KM>Widespread IPv6 support for native IPv6 would be when native IPv6 is available everywhere that IPv4 access is available, from at least one provider, with quality (connectivity, reliability, support) approximately as good as IPv4, and at a reasonable price.  In other words, you can't expect applications to rely on native IPv6 until it's reliably available everywhere that they need to use it.

WEG> So Widespread IPv6 has to have reliability and support equivalent to IPv4, yet you're saying that you can expect applications to rely on 6to4 in the meantime despite evidence that it's unreliable, and the virtual guarantee that it won't be supported by the upstream ISP?

There's no such virtual guarantee.   

And you and I disagree about the definition of widespread. I do not think that widespread means "every small ISP in every corner of the world supports it ubiquitously and at every price point." I think it means "it's available for a majority (>50%) of Internet service customers."

We can disagree about the meaning of the word "widespread", but the practical fact is that you can't expect people to give up something that works for them until you can provide them something that works better for them.  "Available to 50% of Internet service customers" is equivalent to a very small percent probability of native connectivity being able to replace 6to4 connectivity in a scenario where 6to4 is currently working.  And the more hosts involved, the smaller that probability is. 

WEG> As was discussed in the WGLC for this document, enterprise applications will not realistically use 6to4 as a means to reach IPv6 for business critical applications. It's simply not reliable enough. It's also probably unlikely that those will go directly to IPv6-only vs using dual-stack to ease that transition. Individuals and Enterprises that use IPv6-only applications will need to make IPv6 service a non-negotiable requirement for their ISPs, networks, and devices rather than hoping that 6to4 works.
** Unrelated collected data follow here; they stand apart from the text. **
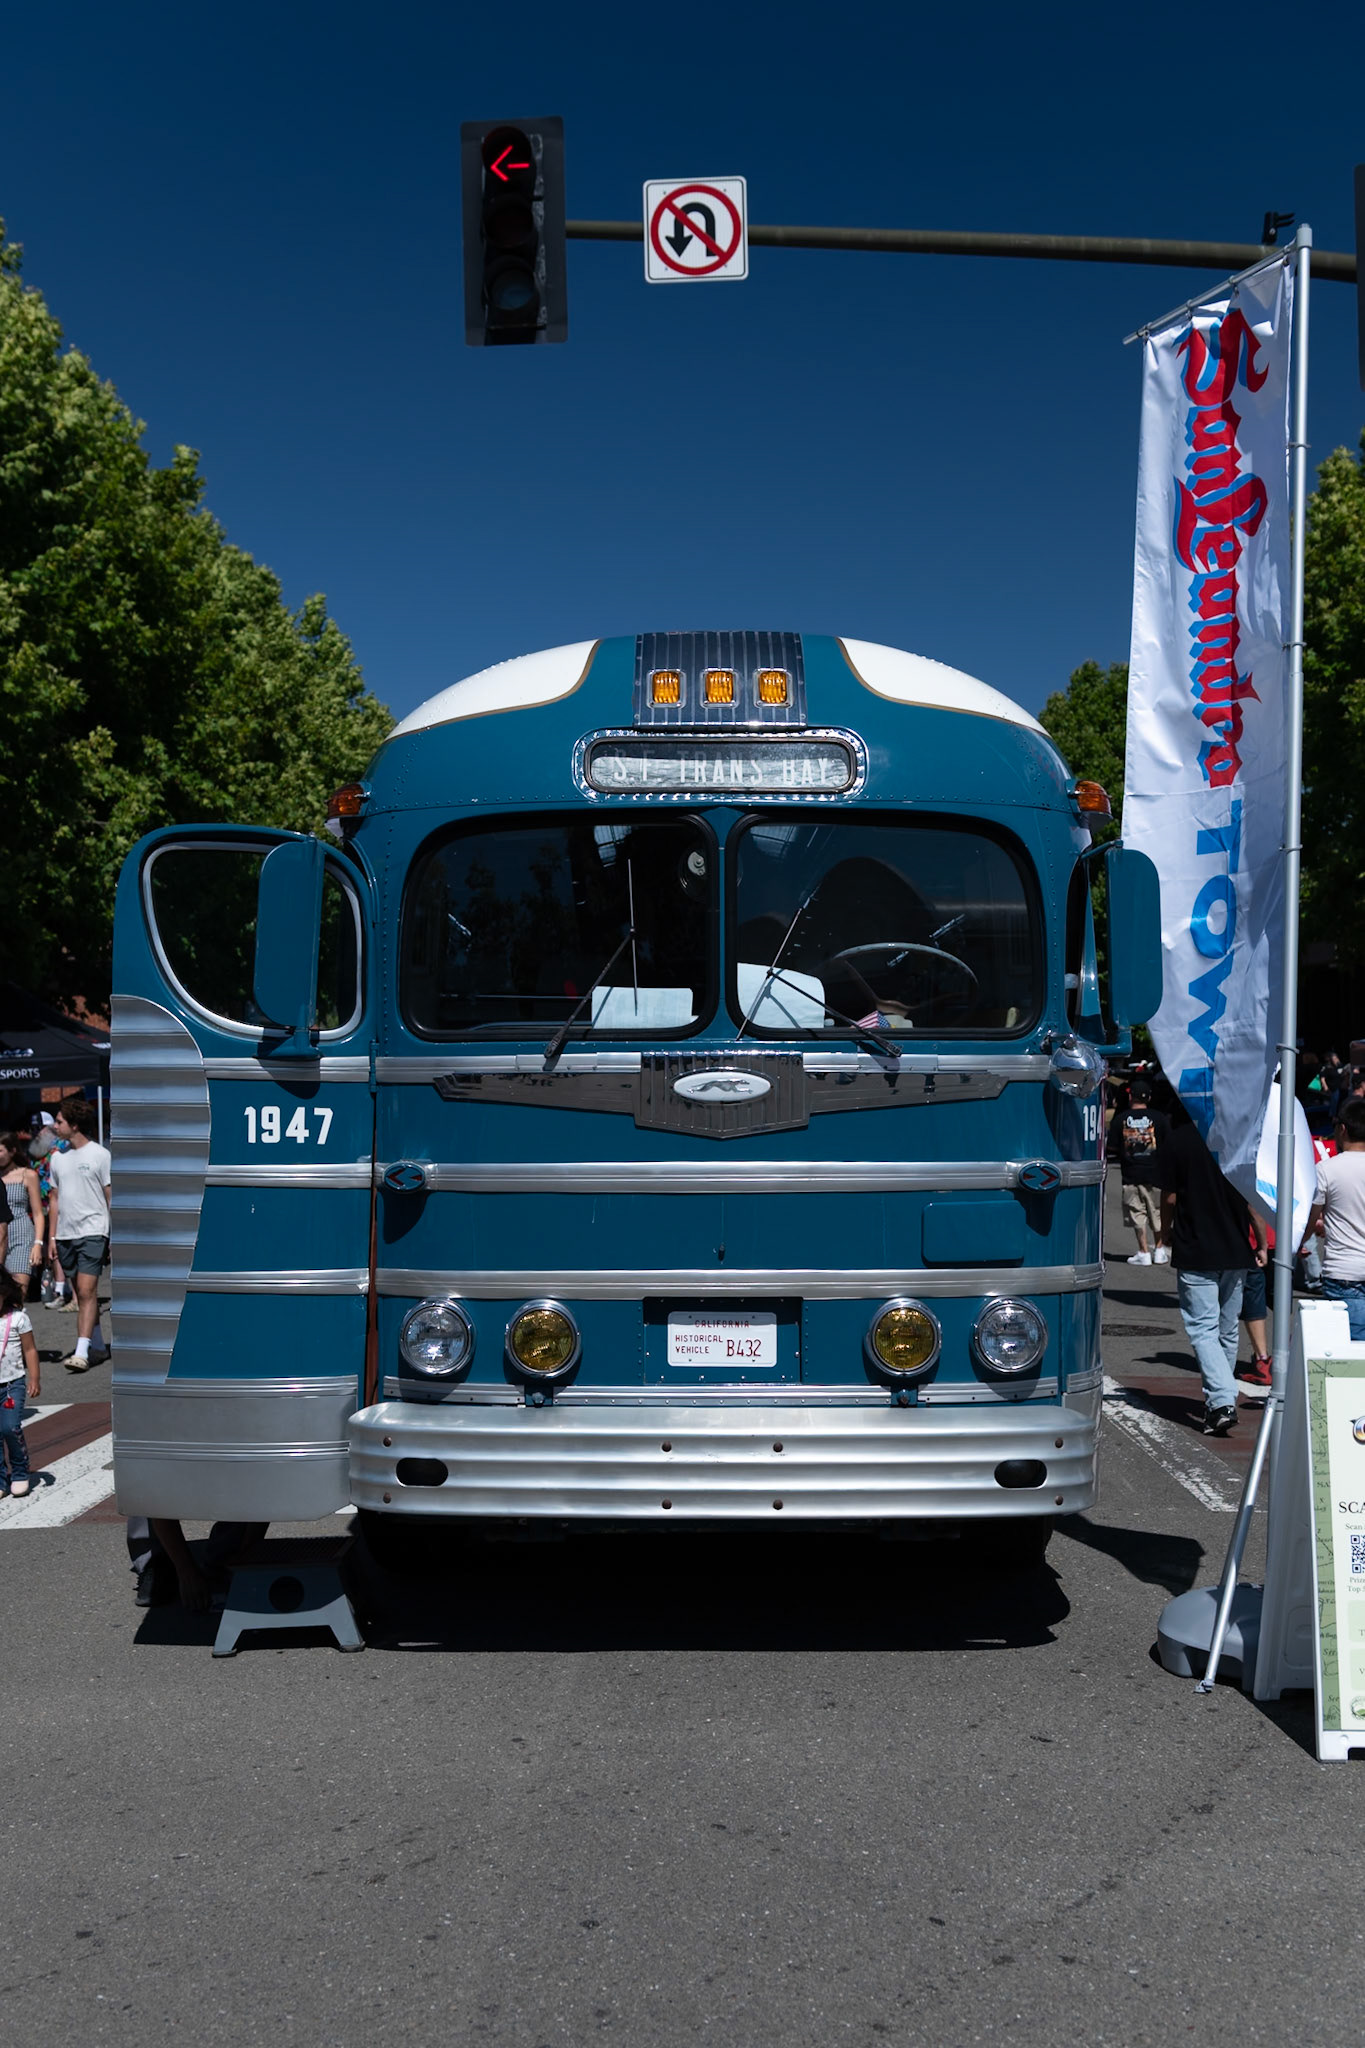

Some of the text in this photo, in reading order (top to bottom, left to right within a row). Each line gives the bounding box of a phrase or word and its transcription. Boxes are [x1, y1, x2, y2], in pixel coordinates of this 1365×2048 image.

[676, 750, 764, 785] TRANS
[782, 751, 829, 785] BAY
[243, 1105, 334, 1145] 1947
[694, 1319, 750, 1328] CALIFORNIA
[675, 1334, 724, 1343] HISTORICAL
[675, 1346, 710, 1354] VEHICLE
[726, 1339, 762, 1357] B432
KM> With respect, the v6ops working group is not in a good position to judge whether enterprise applications will use 6to4.   Operators rarely have a good understanding of what individual application users or developers need.  They tend to focus mostly on the applications that generate the most traffic,  or cause them particular amounts of trouble, or the ones that their biggest customers need.  Problem is, those aren't the only applications that are important.  Every application is important to its users, no matter how much or little traffic (or revenue) it generates.
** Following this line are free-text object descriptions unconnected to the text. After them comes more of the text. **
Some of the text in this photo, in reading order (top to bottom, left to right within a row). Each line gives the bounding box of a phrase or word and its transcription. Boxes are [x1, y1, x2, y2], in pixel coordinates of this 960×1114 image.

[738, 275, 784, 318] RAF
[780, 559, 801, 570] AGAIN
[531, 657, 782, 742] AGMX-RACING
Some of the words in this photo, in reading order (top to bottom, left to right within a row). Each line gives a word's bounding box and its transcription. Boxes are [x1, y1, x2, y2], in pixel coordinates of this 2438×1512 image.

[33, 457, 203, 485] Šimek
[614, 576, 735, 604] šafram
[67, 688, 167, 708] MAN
WEG> I'm not going to touch the "operators don't know what they're talking about" part of your comment, except to note that it's a gross generalization that won't help your argument, and wonder how you are uniquely qualified to know better than the rest of us...

Seems to me it's the v6ops people who are making the gross generalizations.  I'm mostly pointing out exceptions to those gross generalizations that have been made here and in v6ops.  

I am simply saying that I do not for a second believe that those same applications that are so important to that user community are at the same time unimportant enough that they're the sacrificial lamb that has to go IPv6-only when the majority of that user community, no matter how small, doesn't have native IPv6 access yet.

You have absolutely no idea which applications will be important to the user community tomorrow.   Who knows what will be the next netflix, twitter, facebook, youtube, ... ?   The Internet is successful not because it supports some small number of apps that operators think are a good idea; it's successful because it (at least as originally architected) can support a wide range of apps without operators having to bless them. 

This is the essence of the IPv6 content vs access chicken/egg problem, and 6to4 absolutely will not break the impasse. 6to4 breakage is the most common thing that content providers cite as reasons why they don't just go dual-stack. Why would an enterprise application be any different?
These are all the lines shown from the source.